:: EXERCISE PROMPT ::
Give back exactly the lines of the material below that start at the one holding "this 1500×1000 image." and end at the last line, minus the pictures.

:: AVAILABLE DATA ::
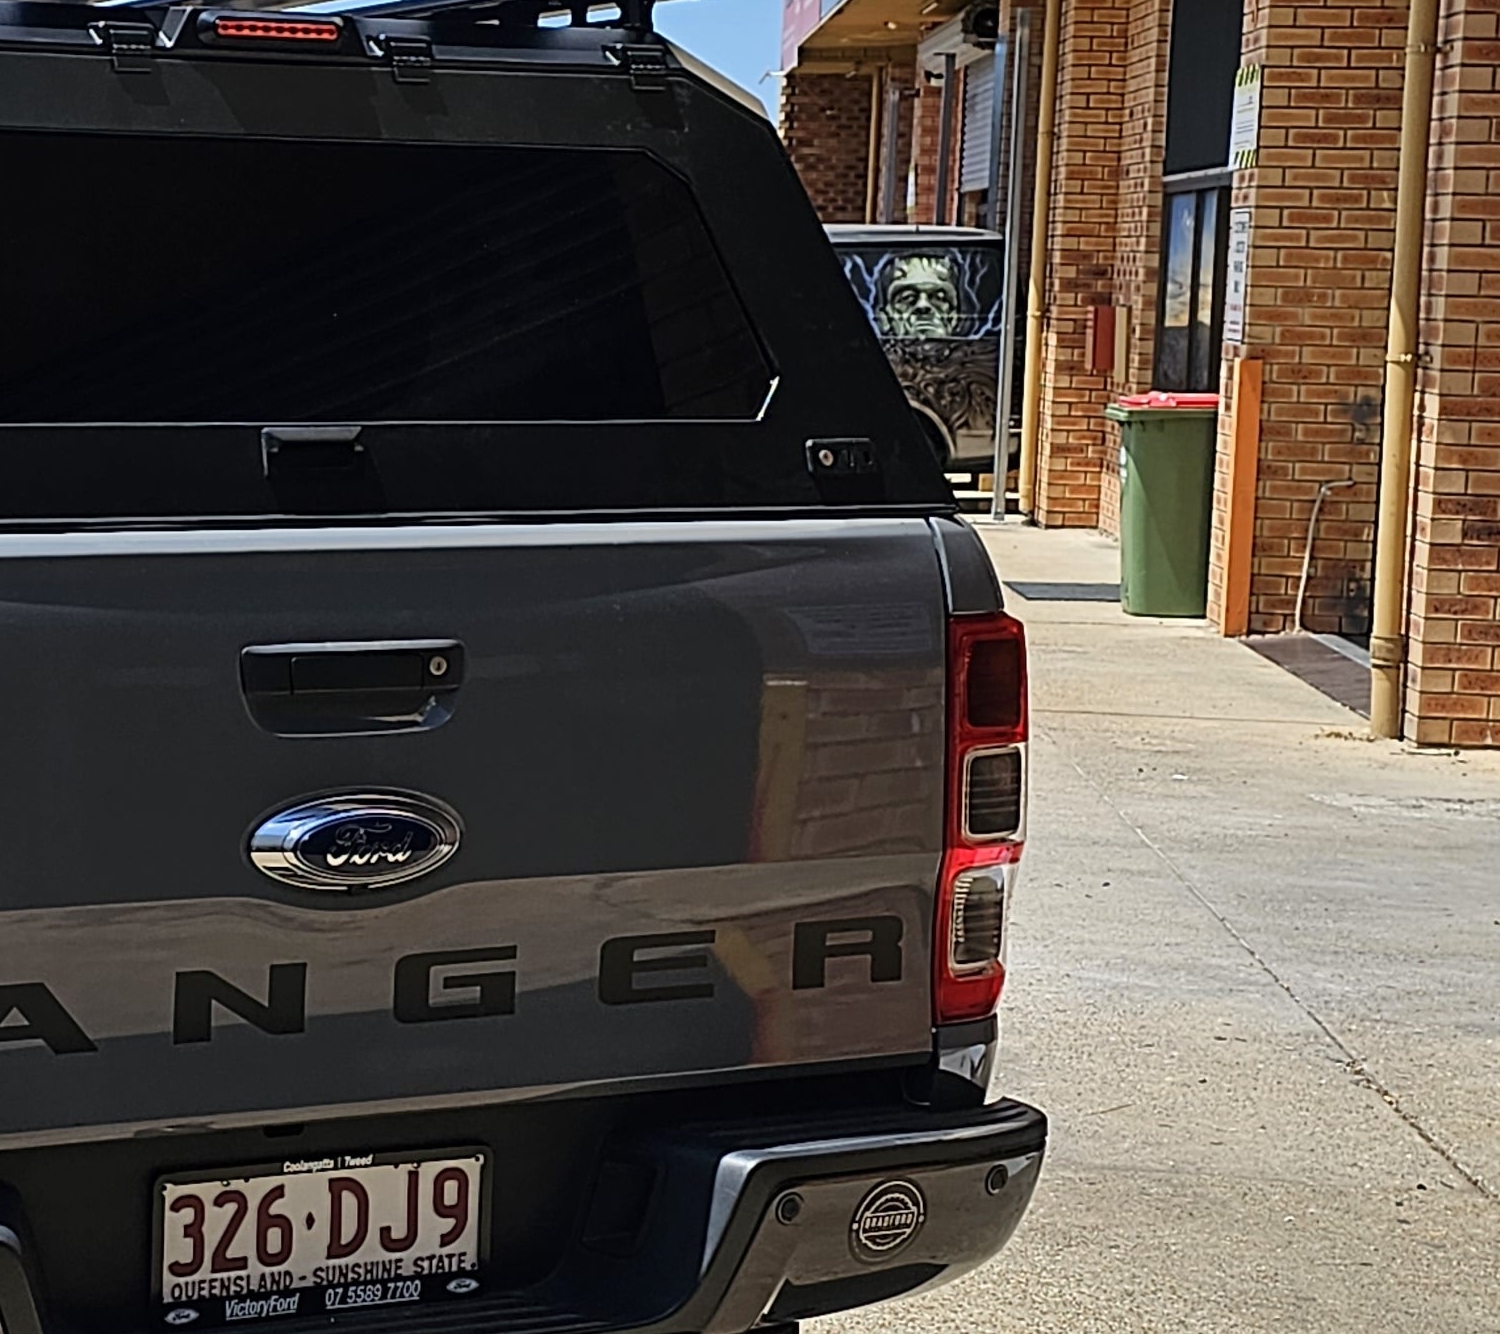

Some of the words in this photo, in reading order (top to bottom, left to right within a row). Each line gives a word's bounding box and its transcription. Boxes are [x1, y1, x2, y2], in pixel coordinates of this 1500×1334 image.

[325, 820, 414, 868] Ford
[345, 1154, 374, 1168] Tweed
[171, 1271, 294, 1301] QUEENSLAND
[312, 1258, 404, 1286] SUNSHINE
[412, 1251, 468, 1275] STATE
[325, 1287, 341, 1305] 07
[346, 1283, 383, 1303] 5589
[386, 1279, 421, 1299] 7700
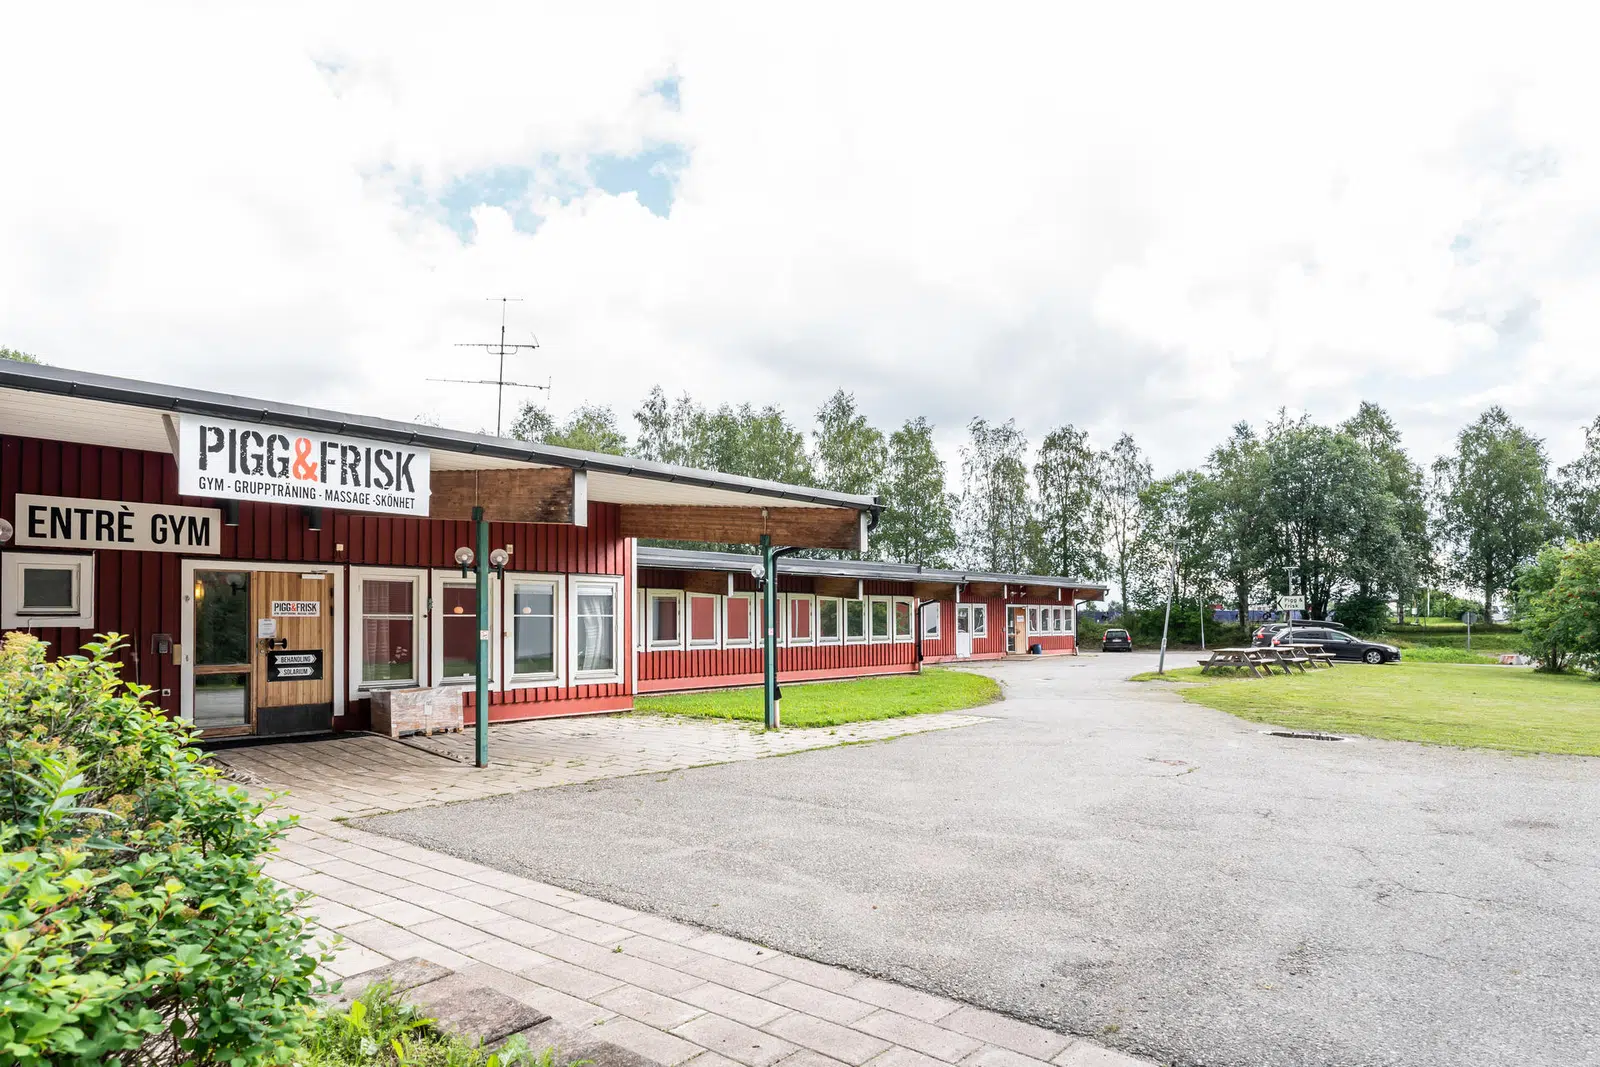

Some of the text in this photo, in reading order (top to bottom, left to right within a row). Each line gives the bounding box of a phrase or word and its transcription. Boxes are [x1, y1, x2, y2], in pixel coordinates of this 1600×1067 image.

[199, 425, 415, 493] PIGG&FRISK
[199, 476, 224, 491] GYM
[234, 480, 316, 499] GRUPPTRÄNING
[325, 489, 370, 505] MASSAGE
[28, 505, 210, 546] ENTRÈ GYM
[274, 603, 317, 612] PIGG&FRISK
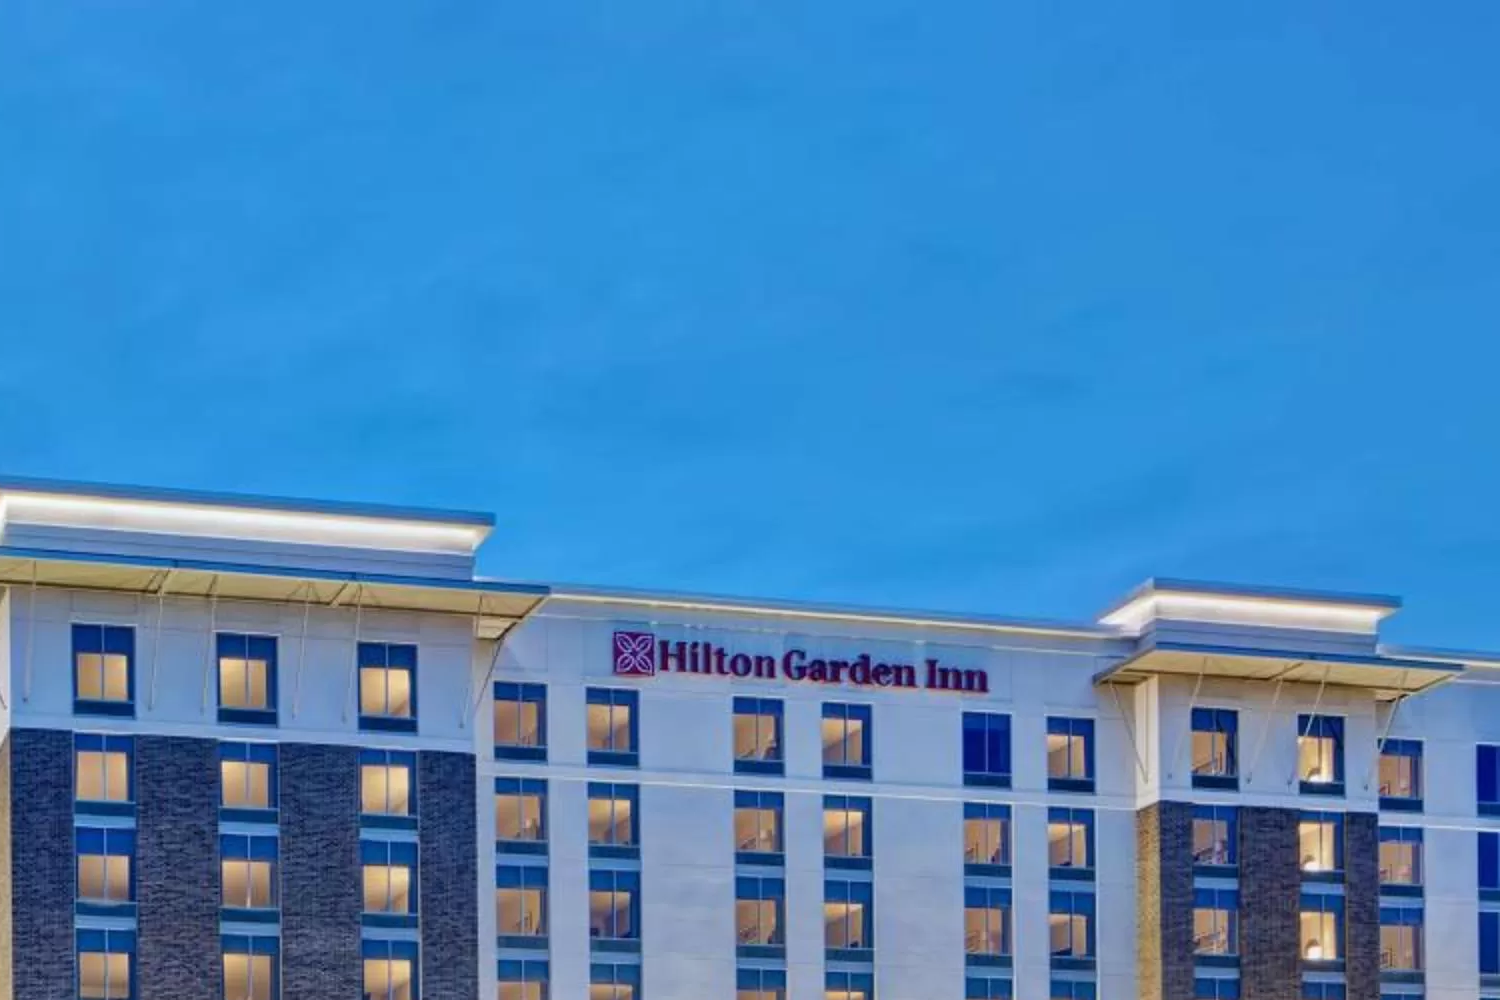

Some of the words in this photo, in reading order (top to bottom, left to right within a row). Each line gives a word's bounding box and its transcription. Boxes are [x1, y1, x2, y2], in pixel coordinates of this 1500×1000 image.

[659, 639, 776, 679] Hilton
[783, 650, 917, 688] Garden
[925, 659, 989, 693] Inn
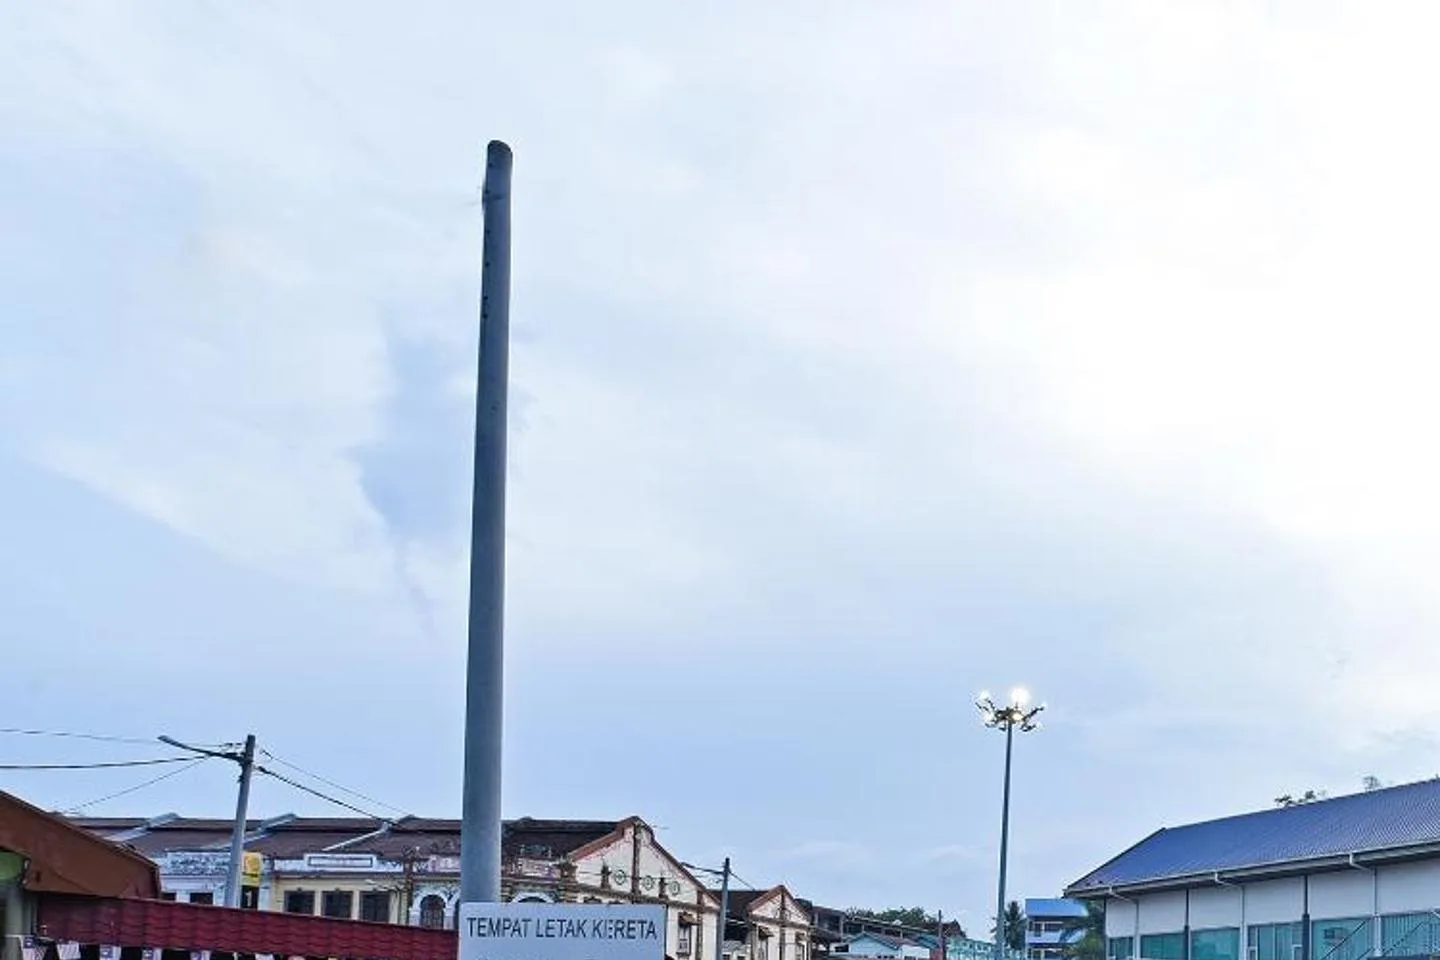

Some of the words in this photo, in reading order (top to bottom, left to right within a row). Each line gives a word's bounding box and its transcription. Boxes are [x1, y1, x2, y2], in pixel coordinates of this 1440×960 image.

:: SOLUTION TO THE PROBLEM ::
Some of the words in this photo, in reading order (top to bottom, left to right within a row). Each line gives a word's bounding box and its transcription. Boxes are [x1, y1, x2, y2], in pixel coordinates of this 1500×1000 image.

[659, 639, 776, 679] Hilton
[783, 650, 917, 688] Garden
[925, 659, 989, 693] Inn

Some of the words in this photo, in reading order (top to bottom, left to right within a row). Each line gives a word's bounding box and its transcription. Boxes are [x1, y1, x2, y2], in pixel coordinates of this 1440×960 image.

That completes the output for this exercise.